In the following sections, the article is divided as follows. The related work on retweet prediction is given in section 2. In section 3 authors described the methodology of the study. The evaluation of the proposed work using Machine Learning Algorithms is presented in section 4. Section 5 comprises of Conclusions and the future scope of this study.

2 Related works

To understand the user behavior, one interesting research question is, why a user shares few tweets within network and not all of them. The probable reason can be due to information overload, it is practically not possible for a user to keep sharing every incoming tweet. Hemsley [25] found that approximately 47% tweets did not get retweets [14]. It presents an opportunity to study and analysis various factors of user actions to predict information sharing behavior.

Recent studies on information sharing proposed various methods to answer these questions. The studies focused on the content of tweets used sentiment analysis, location-based features, NLP techniques, use of hashtags (#), cashtags ($), URLs, and various text-based statistical features [10, 22, 26, 45]. The text-based approaches demand heavy computational resources and also in some cases all past tweets of the user [10, 23, 27, 43, 47]. The tradeoff between accuracy and computational resources is the bottleneck to scale up for big data analysis and real-time analysis of live data streams.

The graph-based approaches are commonly limited to well-defined network boundaries and some static assumptions about the growth of the network [8]. In reality, to replicate these studies is a very big computation challenge and also very difficult to produce the same accuracy every time due to evolving network structure.

The retweet cascade techniques need data for first k retweets or the first 5–10 min window of temporal features for retweet prediction. The problem with this method is that the time stamp and user profile of each retweeter is needed to create a retweet cascade for every single tweet. These approaches are not useful for live feed data, because it is not possible to monitor every single tweet for its upcoming retweets before starting predicting [14, 18, 2831, 4647].

Retweet prediction is a very popular way of understanding the dynamics of information sharing on Twitter. In recent years, various combinations of features have been proposed for more accurate retweet prediction. The features range from simple statistical features to more complex features including language-specific NLP features, network structure and centrality-based features, temporal features consisting of first n retweets, etc. There are three main questions to understand information sharing on Twitter. The first question is which tweet will get retweets and why? The second question is, what is the significance of network structure and position of a user in the network for successful information diffusion? The third question is which user will retweet a tweet and why? To answer these questions, information required includes information about tweet content, network structure and user profiles of the author of the source tweet, and user profiles of users who will retweet it further.

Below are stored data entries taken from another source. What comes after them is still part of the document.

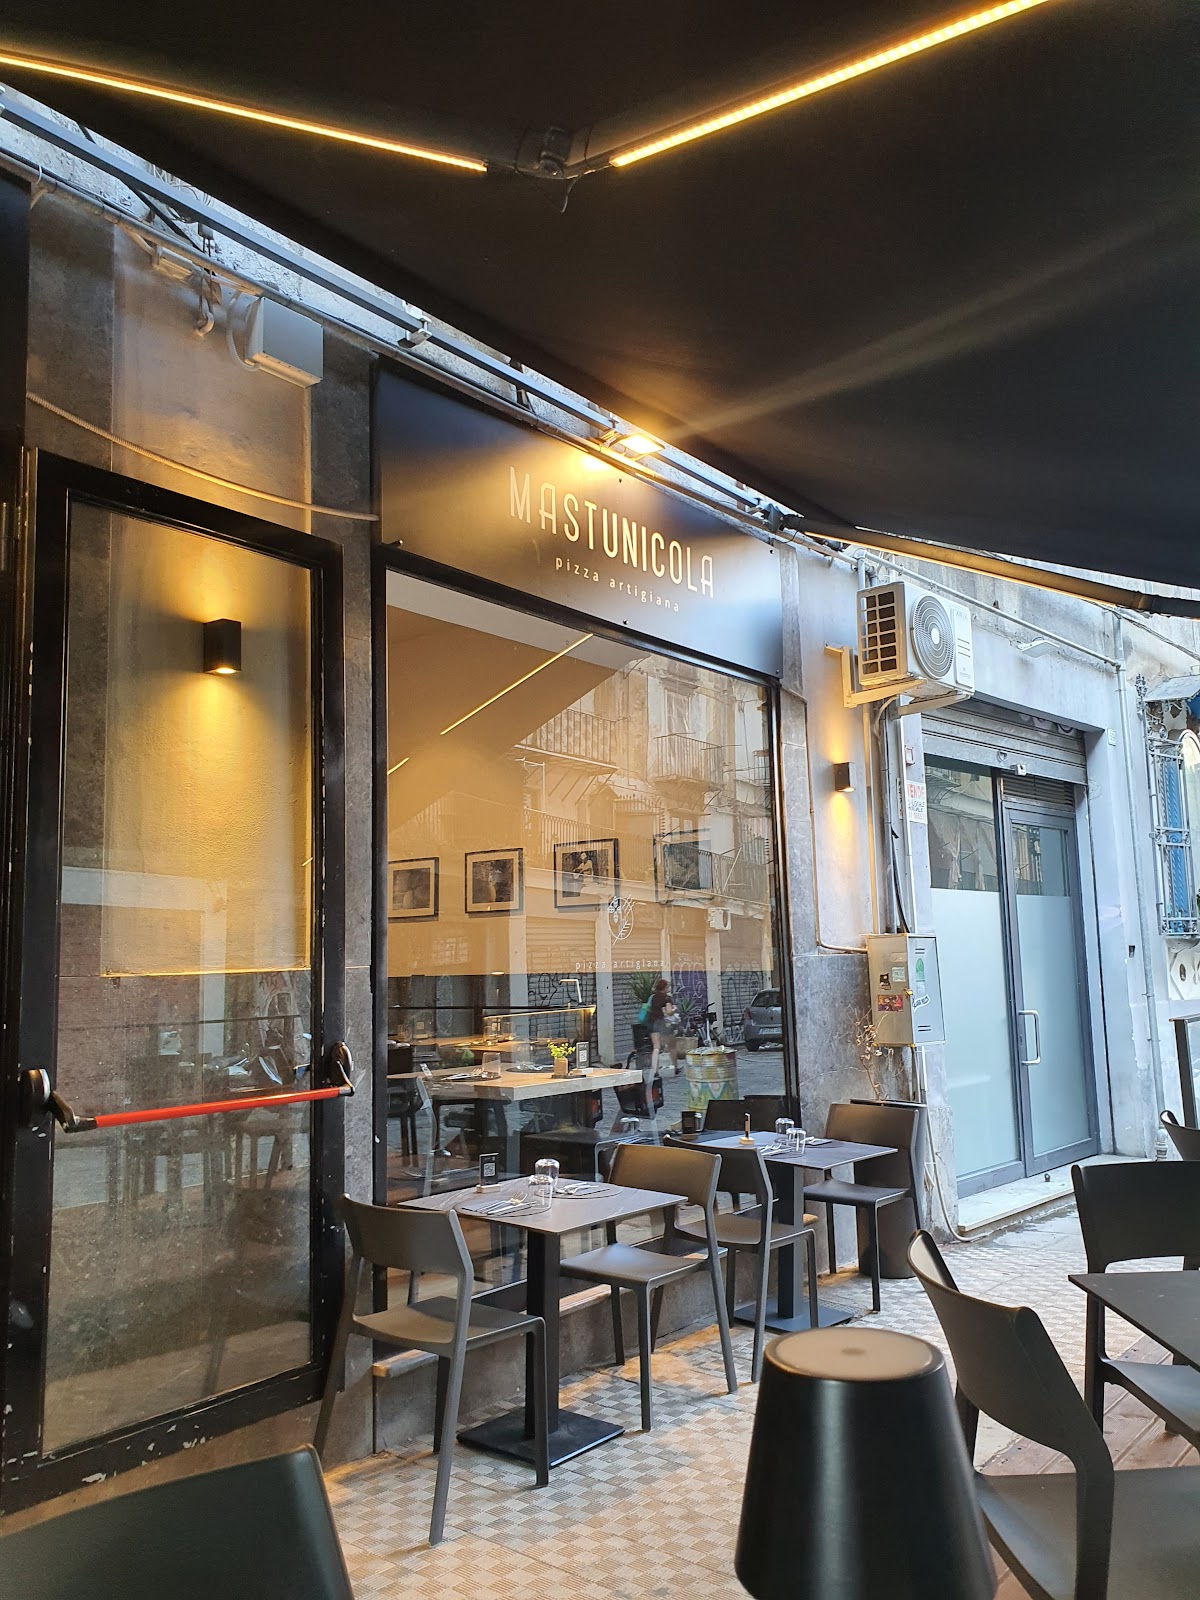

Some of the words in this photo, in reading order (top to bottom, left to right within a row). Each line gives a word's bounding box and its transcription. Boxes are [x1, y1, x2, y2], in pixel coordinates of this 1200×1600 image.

[509, 465, 714, 599] MASTUNICOLA
[555, 556, 599, 583] pizza
[609, 577, 679, 613] artigiana
[575, 961, 606, 973] pizza
[613, 958, 665, 970] artigiana

Hemsley [25] used network structure features to predict the extent of information sharing for political messages and found that users with medium size network are more successful in spreading political information as compared to influential users with large network size. Dinh & Parulian [15] used cascade model for retweet, quote and reply tweets for COVID related tweets. They found that average cascade length for retweets is 4 h, for quote tweets is 3 days and for reply tweets is 2 days. This pattern indicates that active actions of users in form of quote and reply have more impact than passive action of retweet. Chen e.t. [10] studied the information sharing in the domain of disaster related tweets using NLP and network features and found that neutral and positive sentiment tweets had larger reach as compared to negative information. This finding is just opposite for political messages. Interestingly, they also found that if any negative information gets few retweets then it gets more responses than positive posts. The panic situation and worries about the disaster impact user behavior to share negative information more rapidly.

For handling big data streams, recent studies have proposed some very promising solutions. Murshed et al. [34] have proposed a model to calculate the overall accuracy of Twitter dataset using three different methods. Atish’s measures outperformed other methods. They found that due to several language issues related to spelling, grammar and unstructured style of writing makes it very challenging to achieve higher level of accuracy. Singh e.t. [42] have proposed a framework for processing of big data using machine learning approach. The proposed framework showcased fast processing using distributed computing and ability to scale performance of machine learning algorithm. The clustering of incoming data stream is very difficult for standard machine learning algorithms. Arpaci et al. [5] have proposed evolutionary clustering for Twitter streams on COVID related tweets. They used 43 M+ tweets as a dataset. Duan et al. [16] proposed an algorithm SELM (Spark Extreme Learning Machine) for multi-classification of big data using Apache Spark cluster. The proposed algorithm performed better and achieved highest speedup than traditional ELM (Extreme Learning Machine) algorithms.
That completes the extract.